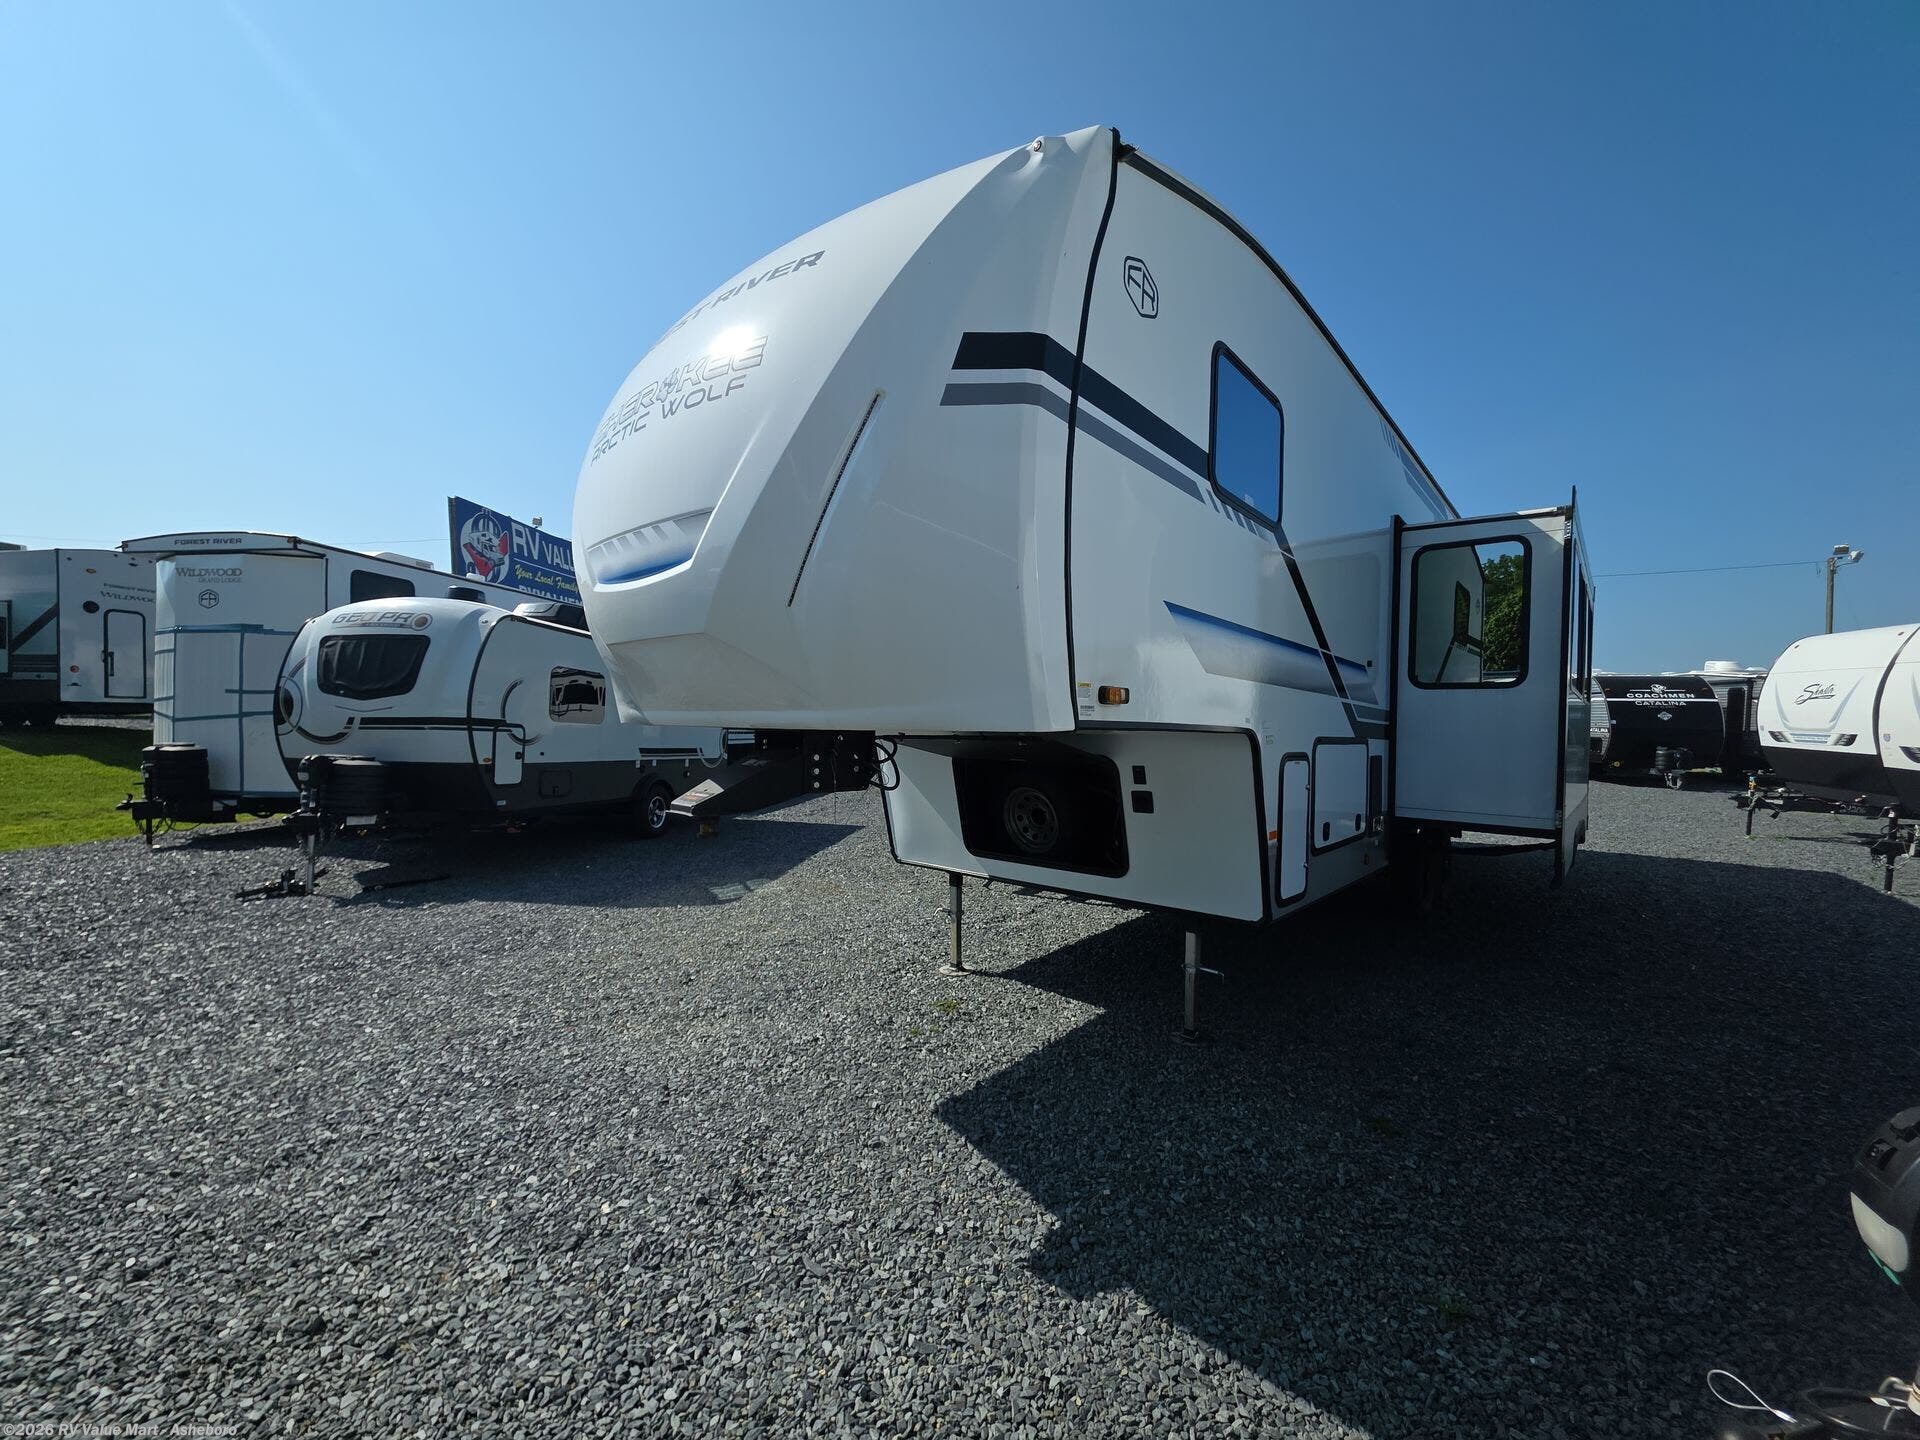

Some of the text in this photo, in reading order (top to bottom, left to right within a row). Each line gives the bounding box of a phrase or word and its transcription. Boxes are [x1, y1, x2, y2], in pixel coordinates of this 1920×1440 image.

[710, 249, 826, 309] RIVER
[590, 374, 747, 467] ARCTIC WOLF
[174, 537, 242, 546] FOREST RIVER
[510, 520, 542, 561] RV
[175, 567, 243, 577] WILDWOOD
[514, 564, 534, 581] Your
[534, 570, 555, 586] Local

------------------------

■ **ACTIVITY**
Everything in the entries above except the pictures should be given again exactly.

■ **ANSWER SPACE**
Some of the text in this photo, in reading order (top to bottom, left to right within a row). Each line gives the bounding box of a phrase or word and its transcription. Boxes are [x1, y1, x2, y2], in pixel coordinates of this 1920×1440 image.

[710, 249, 826, 309] RIVER
[590, 374, 747, 467] ARCTIC WOLF
[174, 537, 242, 546] FOREST RIVER
[510, 520, 542, 561] RV
[175, 567, 243, 577] WILDWOOD
[514, 564, 534, 581] Your
[534, 570, 555, 586] Local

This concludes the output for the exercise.